Today I got the answer, which was… no answer

I have some stories from the last few months of chemotherapy. I intend to tell them here someday. Maybe even soon. That first day I learned what “Red Man Syndrome” is. It’s pretty rare, apparently. I have marks on my skin, slowly fading, that are echoes of the burns inflicted on my veins. I have thoughts, now, about hospital food.

But today was, I thought, the beginning of the next chapter. I sat down with my oncologist to discuss life after chemo. I expected he would schedule another scan to measure the success of the drugs, as well as a shift in regimen to fit my current circumstances. Instead what I got was much less… page-turny.

There is one number I live and die by, and that’s PSA. That number is very low now, and apparently as long as it stays low, I’m just coasting. I will never not have cancer. Remission is not to be hoped for. But if that one number stays low, then I may have a chance to die from something else instead, preferably a long time from now.

I was expecting today to hear “Here’s our plan of action!” and instead I heard, “there will be no action for the foreseeable future.” That’s actually a GOOD THING (I keep telling myself).

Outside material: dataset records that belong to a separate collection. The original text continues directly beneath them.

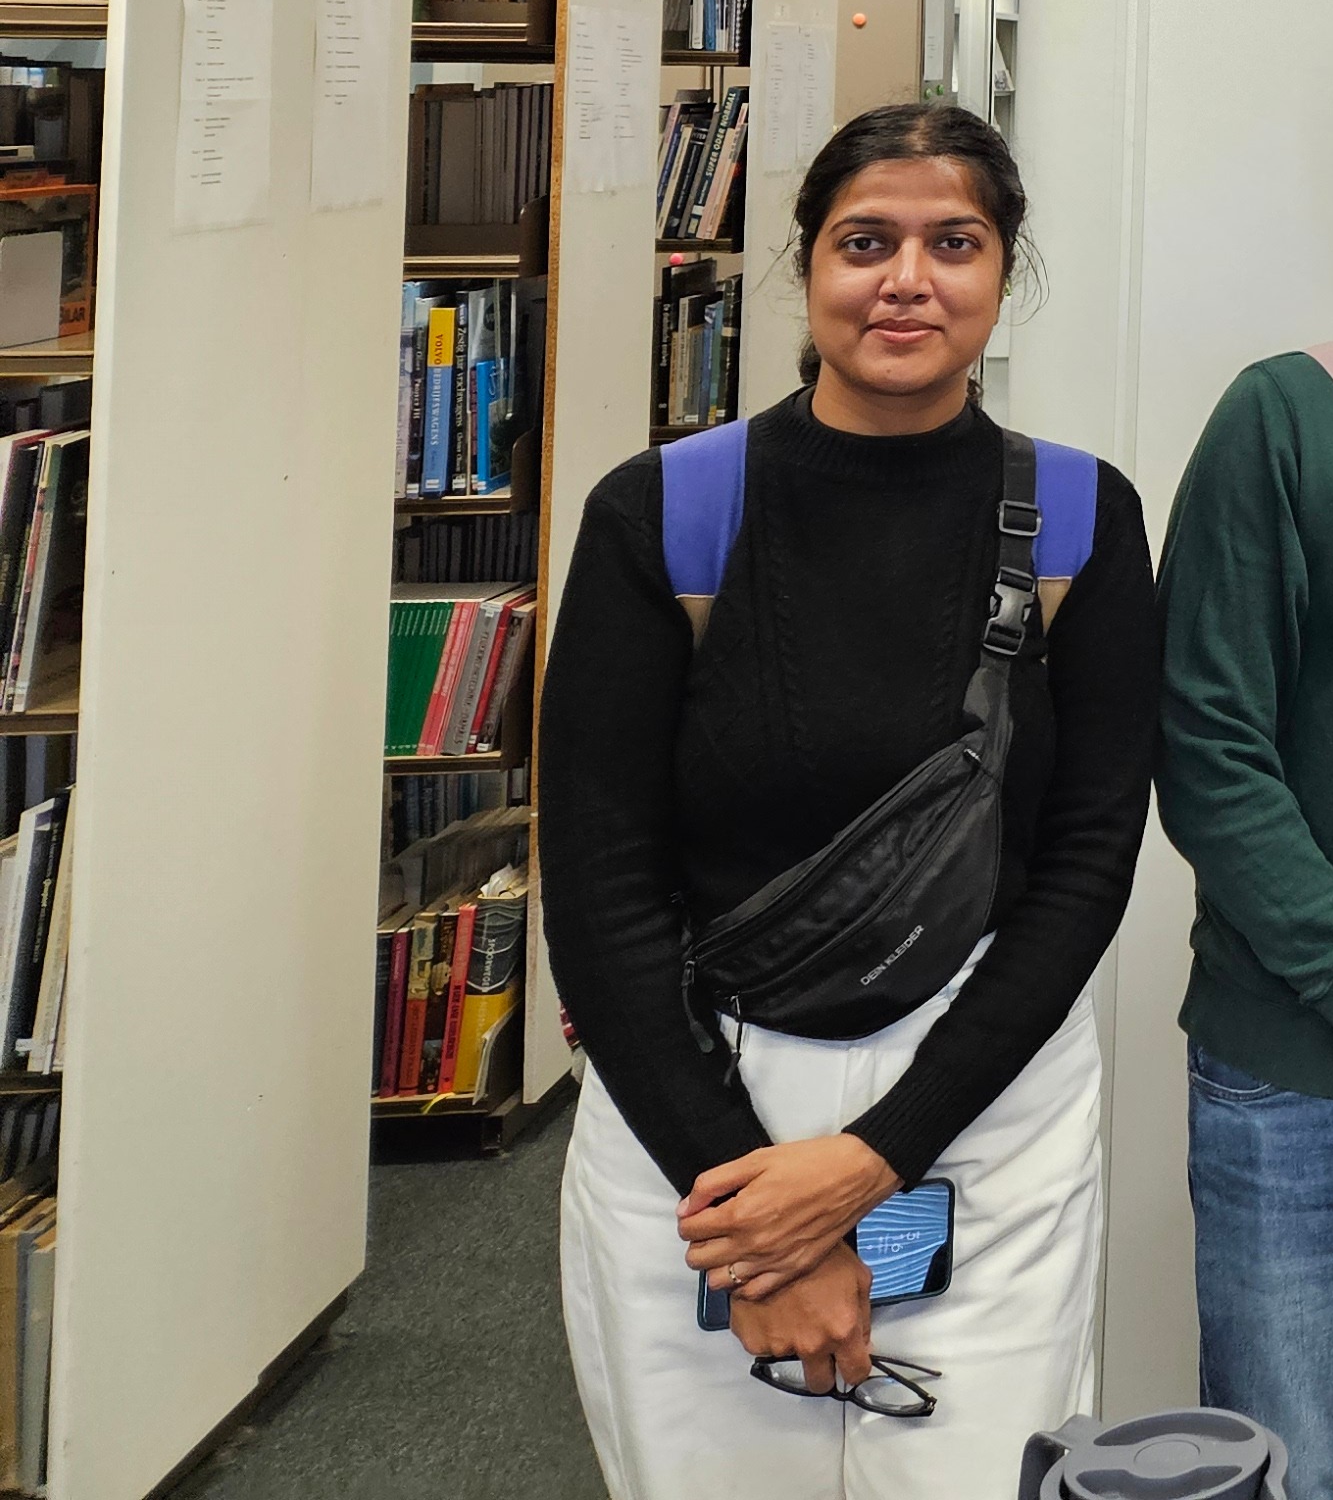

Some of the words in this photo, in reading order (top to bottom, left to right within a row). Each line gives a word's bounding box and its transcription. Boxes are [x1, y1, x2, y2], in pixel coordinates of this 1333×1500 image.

[706, 152, 718, 176] SUPER
[712, 130, 724, 151] ODER
[720, 91, 736, 128] NORMAL
[435, 334, 443, 365] VOLVO
[430, 368, 441, 445] BEDRIJFSWAGENS
[860, 964, 886, 985] DEIN
[884, 925, 924, 965] KLEIDER
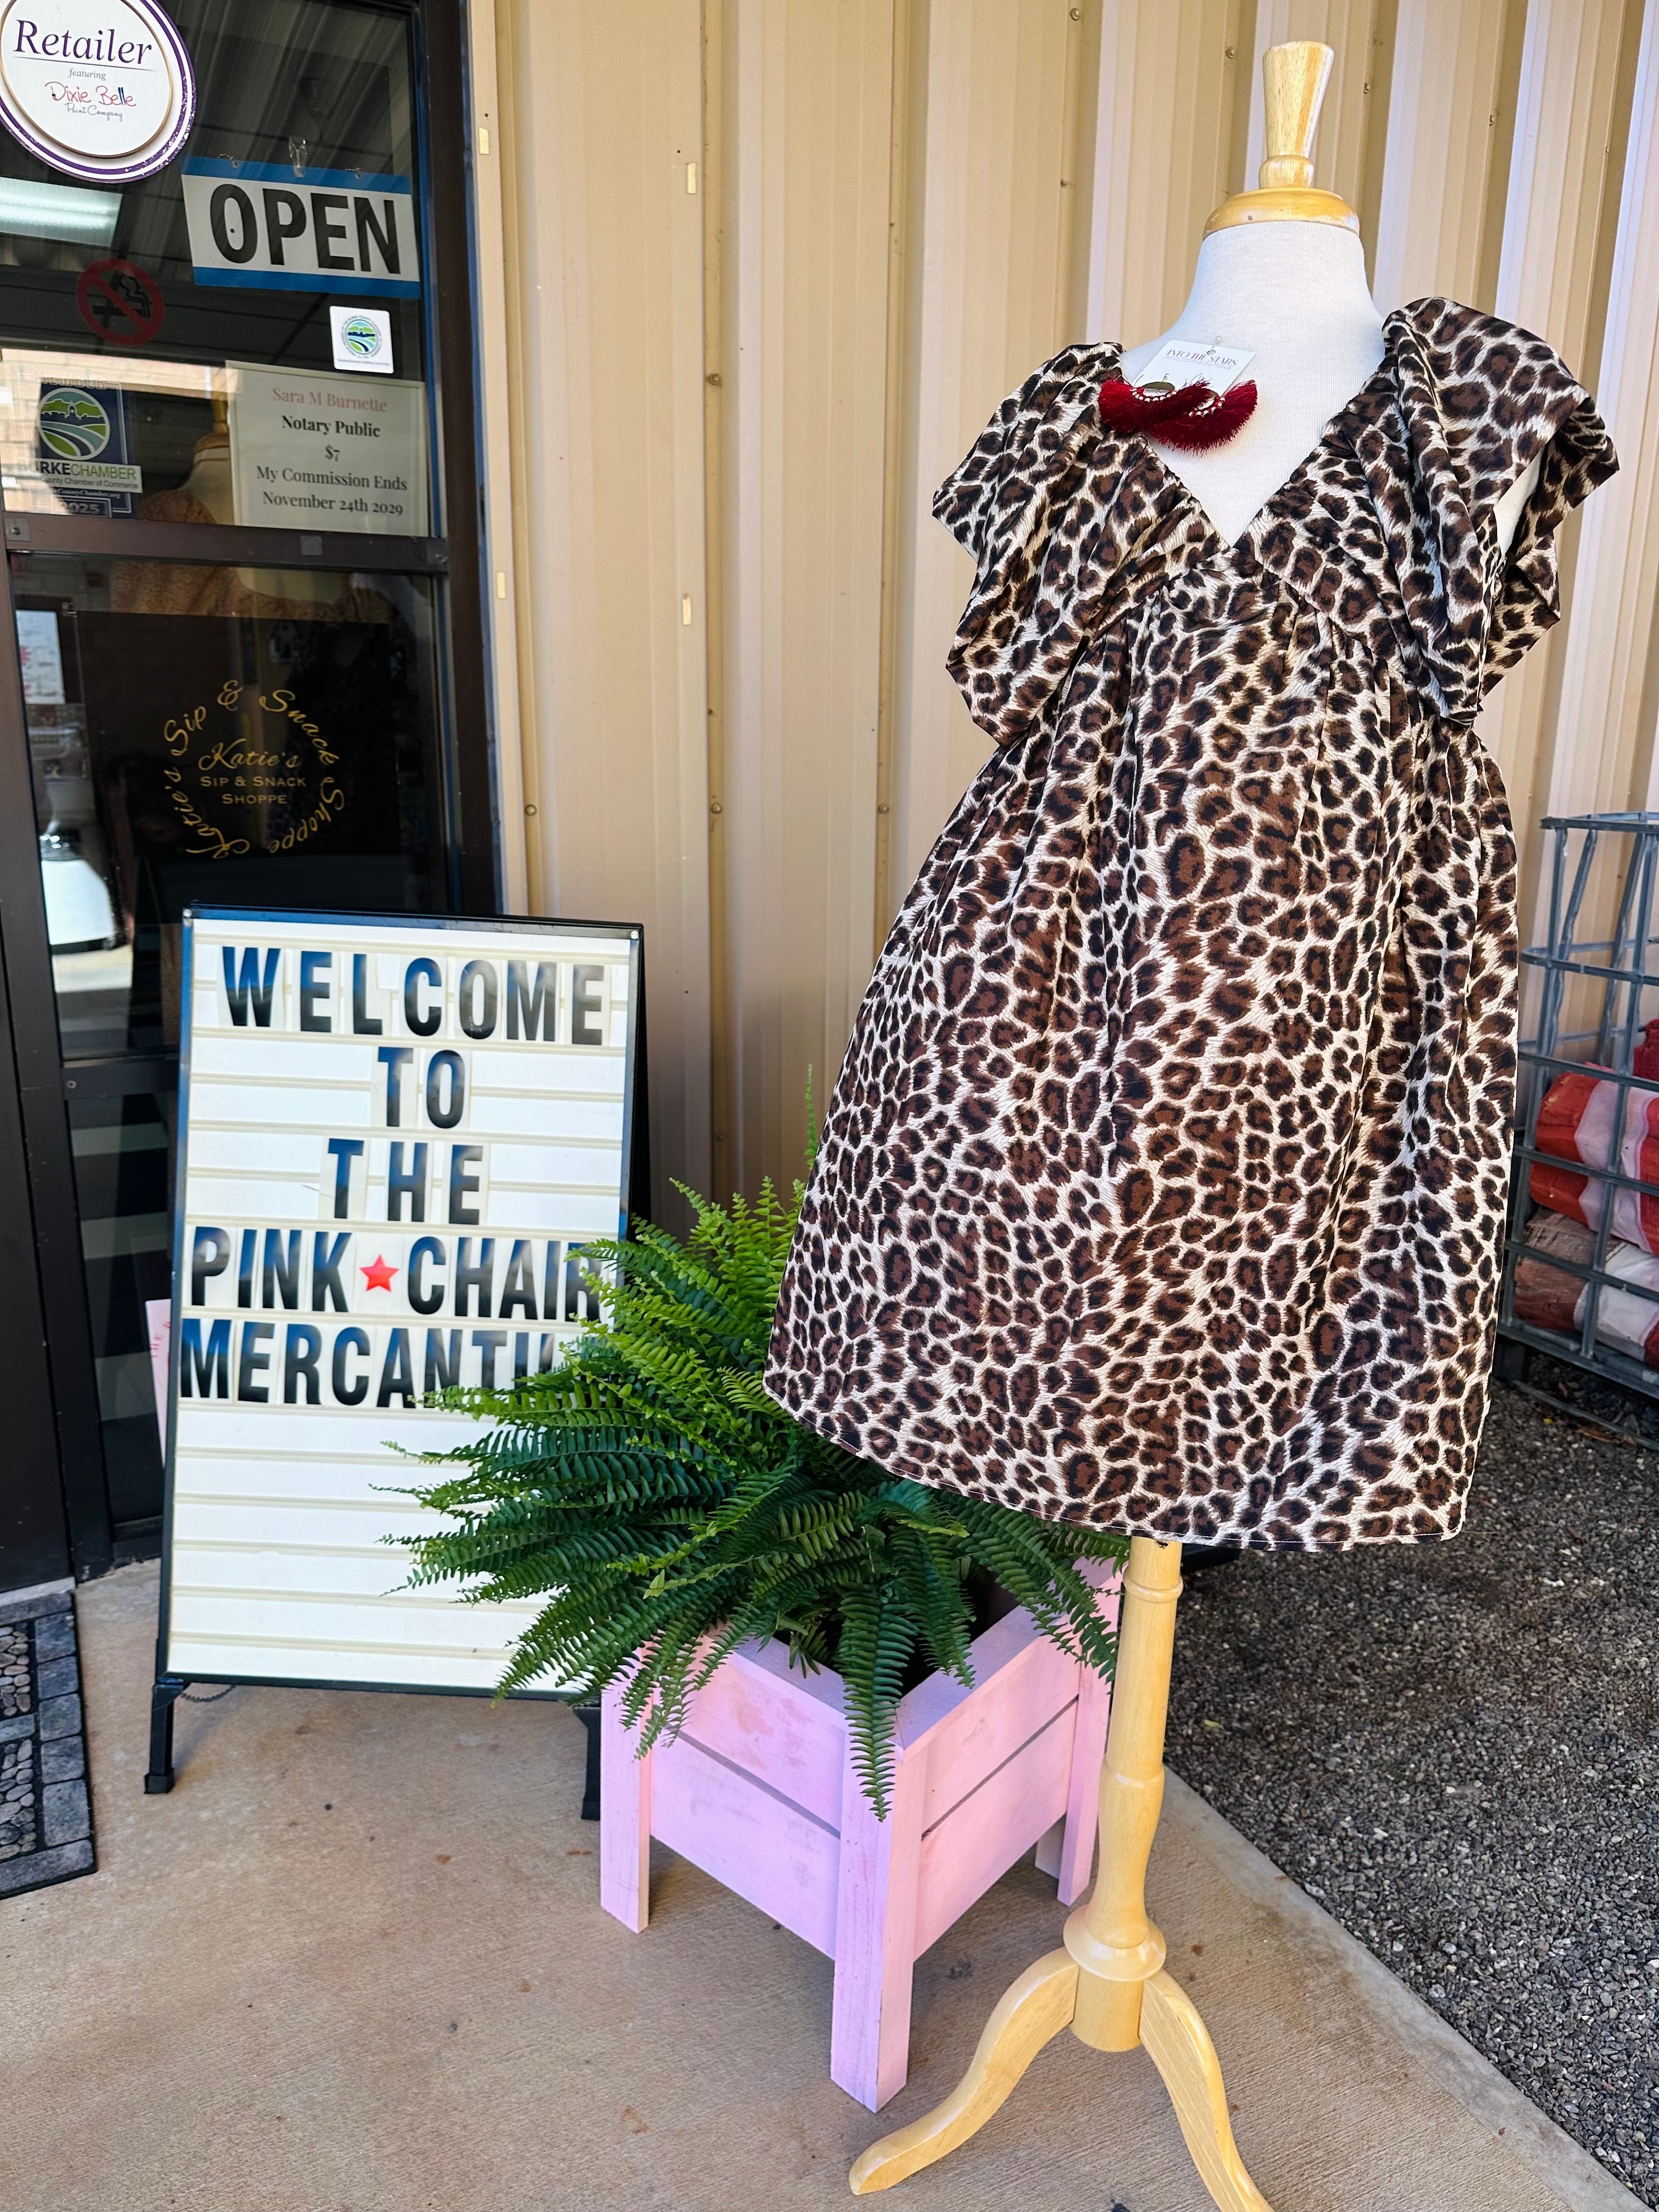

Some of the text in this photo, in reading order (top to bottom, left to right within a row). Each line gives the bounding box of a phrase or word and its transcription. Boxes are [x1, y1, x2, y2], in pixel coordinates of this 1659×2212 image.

[13, 19, 152, 64] Retailer
[69, 68, 106, 81] featuring
[44, 81, 137, 106] Dixie Belle
[64, 102, 123, 122] Paint Company
[210, 183, 400, 275] OPEN
[1166, 349, 1190, 358] INTO
[1209, 354, 1239, 366] STARS
[1197, 361, 1233, 370] BOUTIQUE
[272, 387, 387, 413] Sara M Burnette
[282, 415, 381, 438] Notary Public
[325, 444, 341, 462] $7
[36, 460, 137, 480] RKECHAMBER
[256, 465, 408, 491] My Commission Ends
[263, 492, 403, 517] November 24th 2029
[198, 738, 301, 770] Katie's
[163, 679, 345, 859] Katie's Sip & Snack Shoppe
[234, 776, 246, 787] &
[222, 946, 605, 1046] WELCOME
[377, 1046, 466, 1130] TO
[328, 1138, 484, 1226] THE
[190, 1226, 603, 1324] PINK CHAIR

Much better than “shit, I guess we better try something else.” On the other hand, the fact that there will be no full-body scan recognizes that even though we know there is cancer all over the place, exactly where doesn’t matter. That information is not actionable.

The number, PSA, will be measured every month for at least the next year, when I go in for my bone-strengthening goo (the goo slows the spread of cancer in the bones, as well as shoring up damage from the chemo). After that, the measurement might be quarterly.

It’s going to be very difficult for me to not obsess over the number (the measurement on the blood sample taken this morning STILL ISN’T IN YET), but perhaps it will be even harder for the Official Sweetie of Muddled Ramblings and Half-Baked Ideas. The number will be good until it isn’t, and we can drive ourselves crazy anticipating that ominous measurement, or we can just get used to the fact I have cancer and always will. The barbarians are in the forest, and it is only a matter of time until they rush the gate again. All we can do is watch closely and be prepared for when that happens.

The chemicals I ingest each day are getting nicknames: “Abbies” and whatnot. This is my life now, being gently awoken each morning by Official Sweetie to take my Abbies while my stomach is empty. Filling the pill planner each week (more about that later). Going to work like nothing ever happened. Maybe even writing again. Who knows?